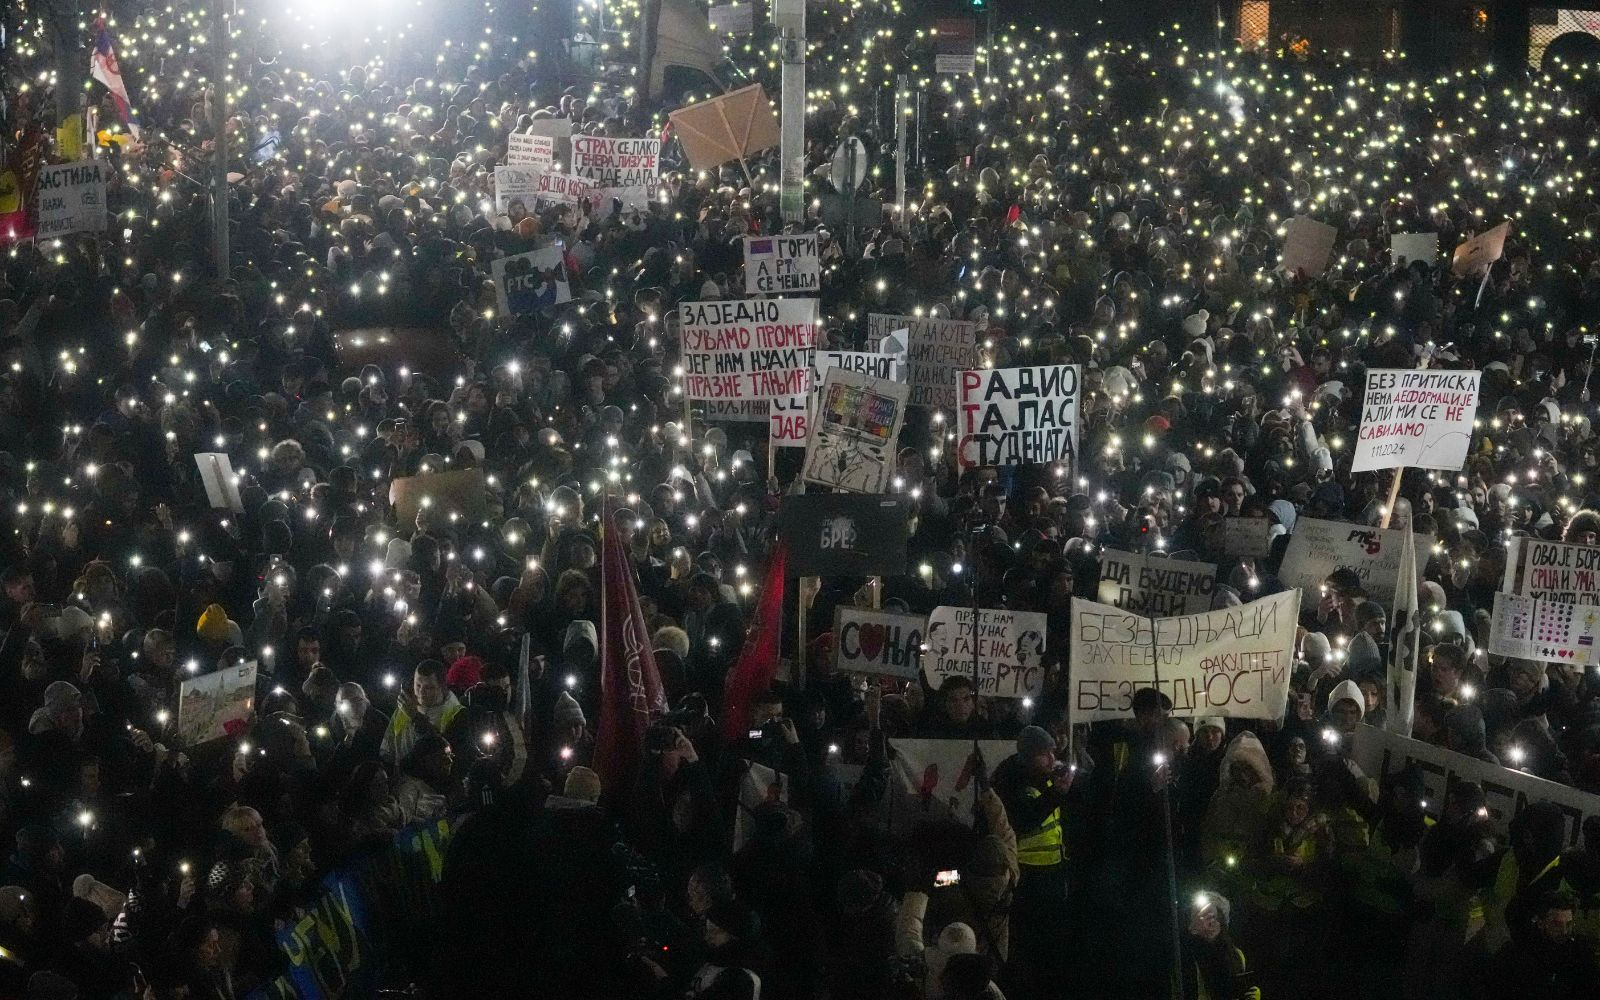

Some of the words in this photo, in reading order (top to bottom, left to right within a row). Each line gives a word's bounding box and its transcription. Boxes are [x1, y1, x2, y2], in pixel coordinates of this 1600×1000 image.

[575, 138, 616, 155] СТРАХ
[617, 141, 629, 154] СЕ
[629, 140, 659, 155] ЛАКО
[574, 152, 656, 168] ГЕНЕРАЛИЗУЈЕ
[778, 238, 816, 258] ГОРИ
[757, 260, 769, 276] А
[776, 258, 801, 275] РТС
[757, 275, 774, 291] СЕ
[776, 272, 817, 289] ЧЕШЉА
[684, 302, 779, 326] ЗАЈЕДНО
[683, 327, 750, 351] КУВАМО
[756, 323, 817, 348] ПРОМЕНЕ
[684, 353, 711, 375] ЈЕР
[714, 352, 744, 374] НАМ
[750, 346, 816, 371] НУДИТЕ
[686, 374, 742, 397] ПРАЗНЕ
[747, 368, 811, 396] ТАЊИРЕ
[962, 365, 1078, 402] РАДИО
[1367, 373, 1397, 391] БЕЗ
[1401, 373, 1476, 392] ПРИТИСКА
[1366, 391, 1392, 406] НЕМА
[1393, 389, 1474, 407] ДЕФОРМАЦИЈЕ
[962, 398, 1074, 434] ТАЛАС
[1363, 405, 1394, 423] АЛИ
[1396, 403, 1418, 420] МИ
[1420, 404, 1439, 420] СЕ
[1445, 406, 1464, 421] НЕ
[1359, 422, 1425, 440] САВИЈАМО
[958, 428, 1076, 468] СТУДЕНАТА
[1531, 543, 1558, 567] ОВО
[1558, 546, 1573, 567] ЈЕ
[1100, 560, 1130, 585] ДА
[1139, 566, 1215, 596] БУДЕМО
[1530, 568, 1560, 592] СРЦА
[1561, 570, 1571, 588] И
[1572, 570, 1597, 592] УМА
[957, 622, 987, 637] ТУУ
[988, 625, 1007, 638] НАС
[993, 613, 1014, 624] НАМ
[953, 637, 987, 658] ГАЕ
[990, 641, 1014, 659] НАС
[934, 657, 975, 674] ДОКЛЕ
[1200, 650, 1284, 674] ФАКУЛТЕТ
[995, 662, 1040, 694] РТС
[1077, 667, 1286, 716] БЕЗДНОСТИ
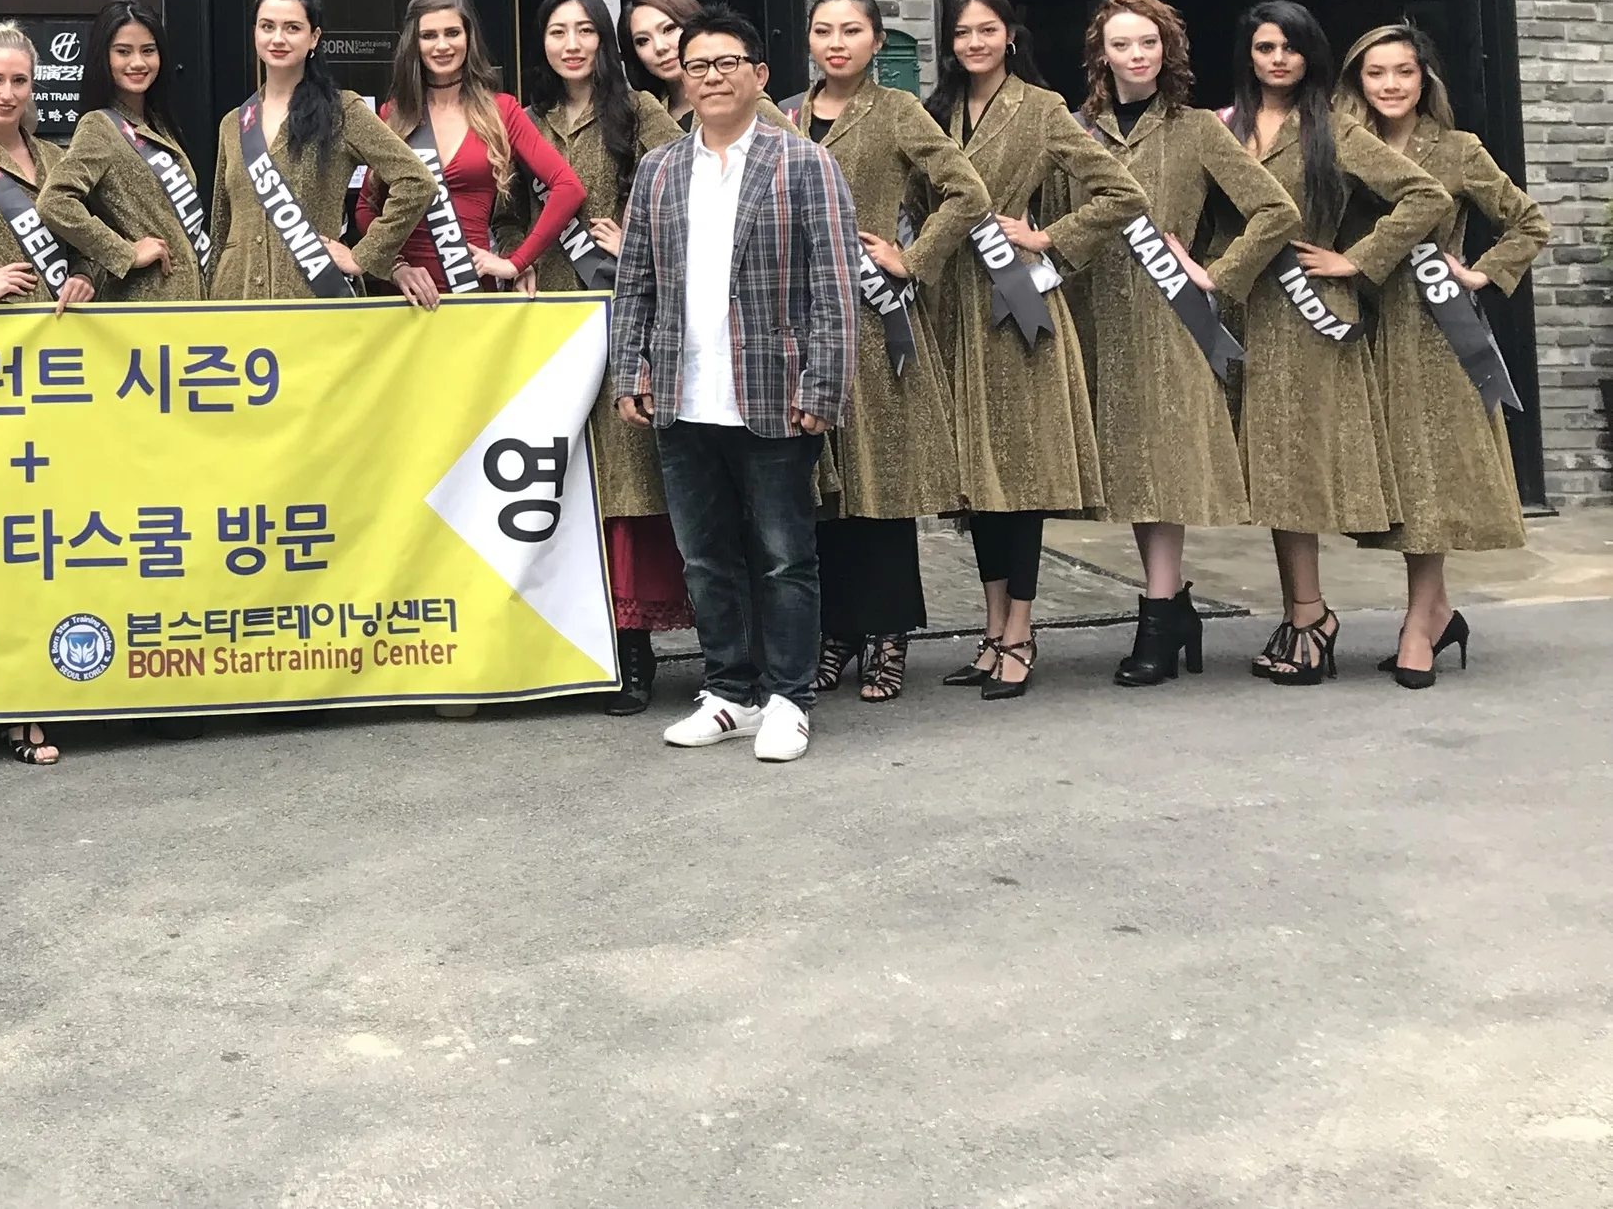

### Work order
What is needed is every record above printed exactly, with no pictures.

### Task answer
Some of the words in this photo, in reading order (top to bottom, left to right within a row). Each line gives a word's bounding box and its transcription. Boxes are [x1, y1, x2, y2], in pixel coordinates of this 1600×1000 image.

[575, 138, 616, 155] СТРАХ
[617, 141, 629, 154] СЕ
[629, 140, 659, 155] ЛАКО
[574, 152, 656, 168] ГЕНЕРАЛИЗУЈЕ
[778, 238, 816, 258] ГОРИ
[757, 260, 769, 276] А
[776, 258, 801, 275] РТС
[757, 275, 774, 291] СЕ
[776, 272, 817, 289] ЧЕШЉА
[684, 302, 779, 326] ЗАЈЕДНО
[683, 327, 750, 351] КУВАМО
[756, 323, 817, 348] ПРОМЕНЕ
[684, 353, 711, 375] ЈЕР
[714, 352, 744, 374] НАМ
[750, 346, 816, 371] НУДИТЕ
[686, 374, 742, 397] ПРАЗНЕ
[747, 368, 811, 396] ТАЊИРЕ
[962, 365, 1078, 402] РАДИО
[1367, 373, 1397, 391] БЕЗ
[1401, 373, 1476, 392] ПРИТИСКА
[1366, 391, 1392, 406] НЕМА
[1393, 389, 1474, 407] ДЕФОРМАЦИЈЕ
[962, 398, 1074, 434] ТАЛАС
[1363, 405, 1394, 423] АЛИ
[1396, 403, 1418, 420] МИ
[1420, 404, 1439, 420] СЕ
[1445, 406, 1464, 421] НЕ
[1359, 422, 1425, 440] САВИЈАМО
[958, 428, 1076, 468] СТУДЕНАТА
[1531, 543, 1558, 567] ОВО
[1558, 546, 1573, 567] ЈЕ
[1100, 560, 1130, 585] ДА
[1139, 566, 1215, 596] БУДЕМО
[1530, 568, 1560, 592] СРЦА
[1561, 570, 1571, 588] И
[1572, 570, 1597, 592] УМА
[957, 622, 987, 637] ТУУ
[988, 625, 1007, 638] НАС
[993, 613, 1014, 624] НАМ
[953, 637, 987, 658] ГАЕ
[990, 641, 1014, 659] НАС
[934, 657, 975, 674] ДОКЛЕ
[1200, 650, 1284, 674] ФАКУЛТЕТ
[995, 662, 1040, 694] РТС
[1077, 667, 1286, 716] БЕЗДНОСТИ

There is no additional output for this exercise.